EXERCISE MATERIAL START

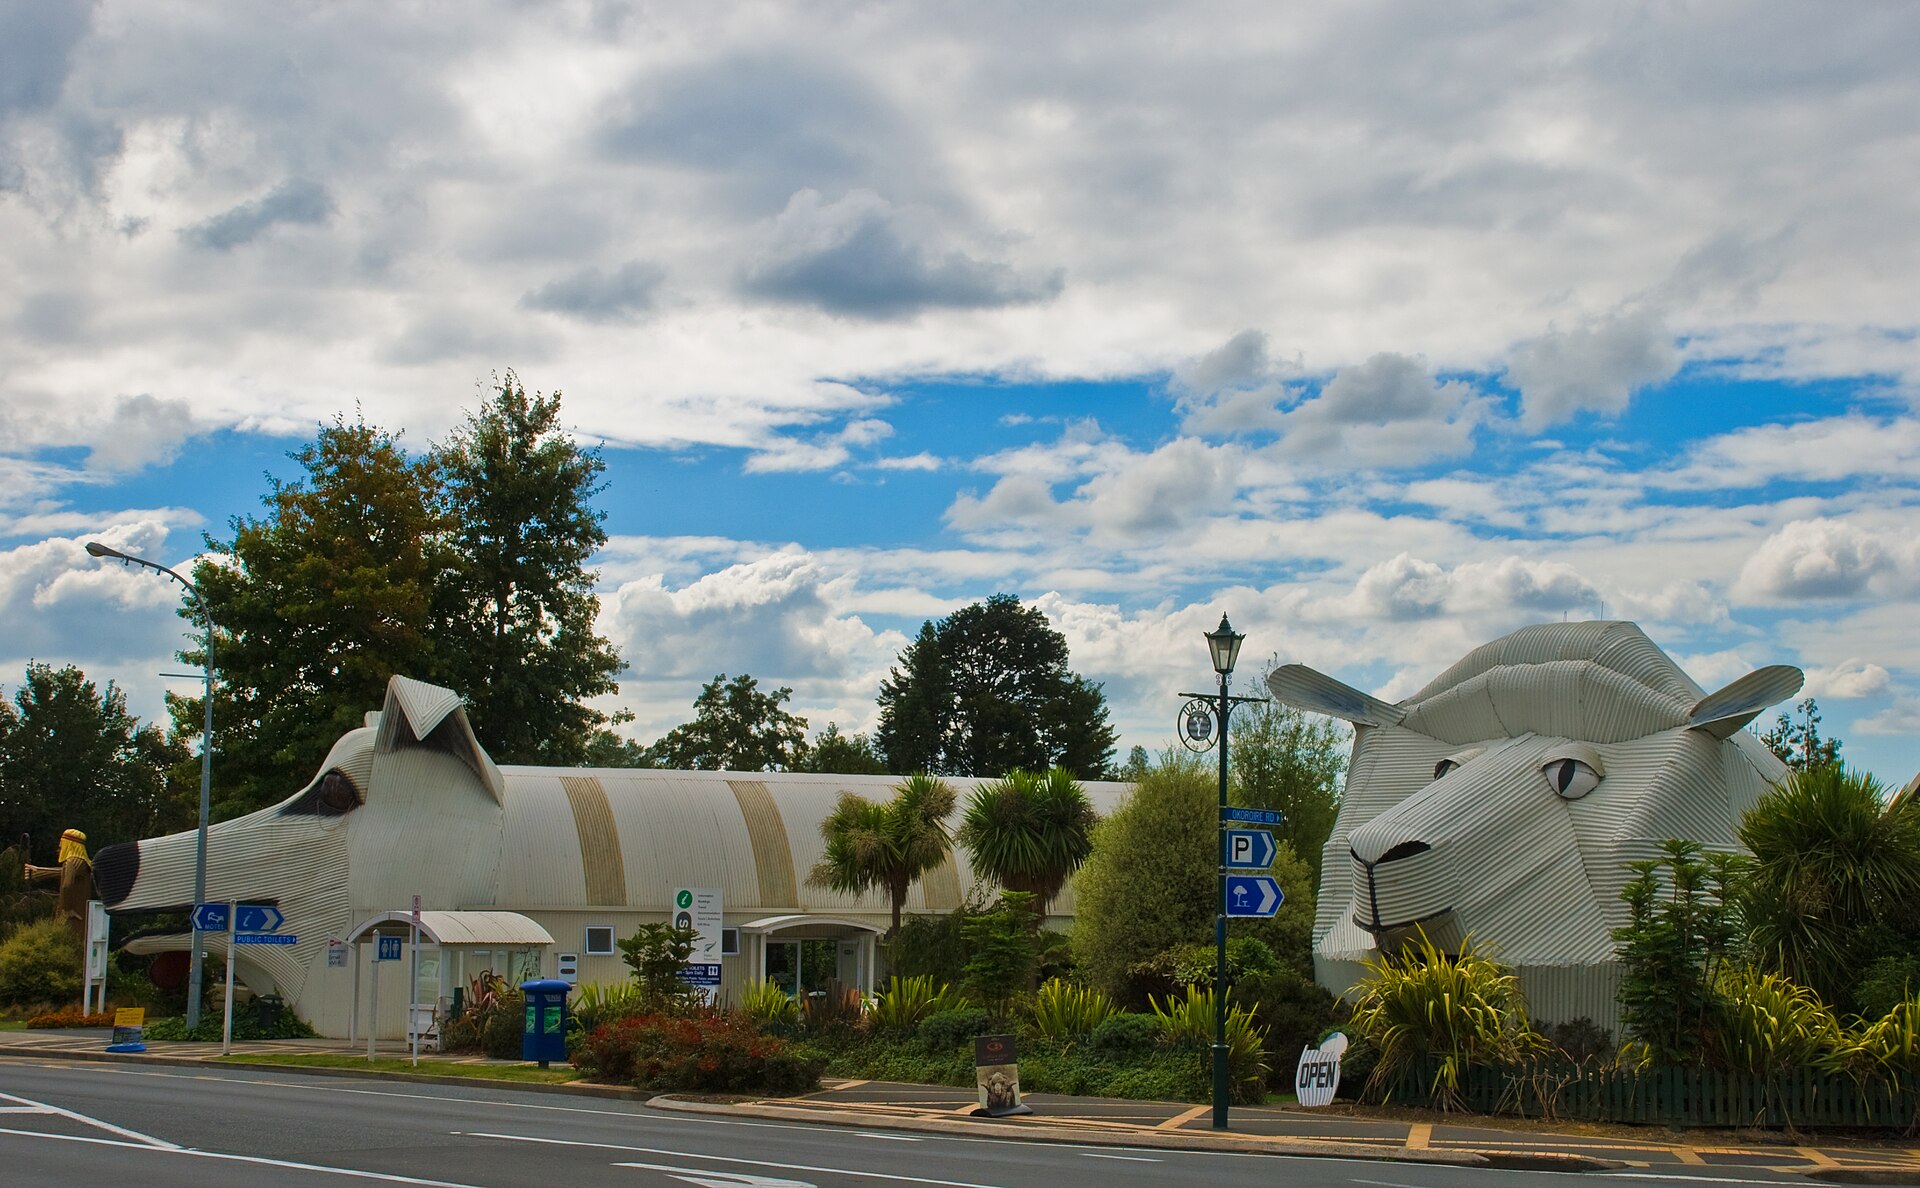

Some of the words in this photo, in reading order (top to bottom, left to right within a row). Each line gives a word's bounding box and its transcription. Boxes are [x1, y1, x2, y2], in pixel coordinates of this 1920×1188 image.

[1232, 809, 1263, 820] OKOROIRE
[1265, 812, 1275, 822] RD
[1235, 837, 1249, 860] P
[1300, 1061, 1336, 1088] OPEN

EXERCISE MATERIAL END

## WHAT YOU WILL DO
Each line above should be set down exactly as written, with pictures excluded.

## ANSWER TO THIS PROBLEM
Some of the words in this photo, in reading order (top to bottom, left to right within a row). Each line gives a word's bounding box and its transcription. Boxes are [x1, y1, x2, y2], in pixel coordinates of this 1920×1188 image.

[1232, 809, 1263, 820] OKOROIRE
[1265, 812, 1275, 822] RD
[1235, 837, 1249, 860] P
[1300, 1061, 1336, 1088] OPEN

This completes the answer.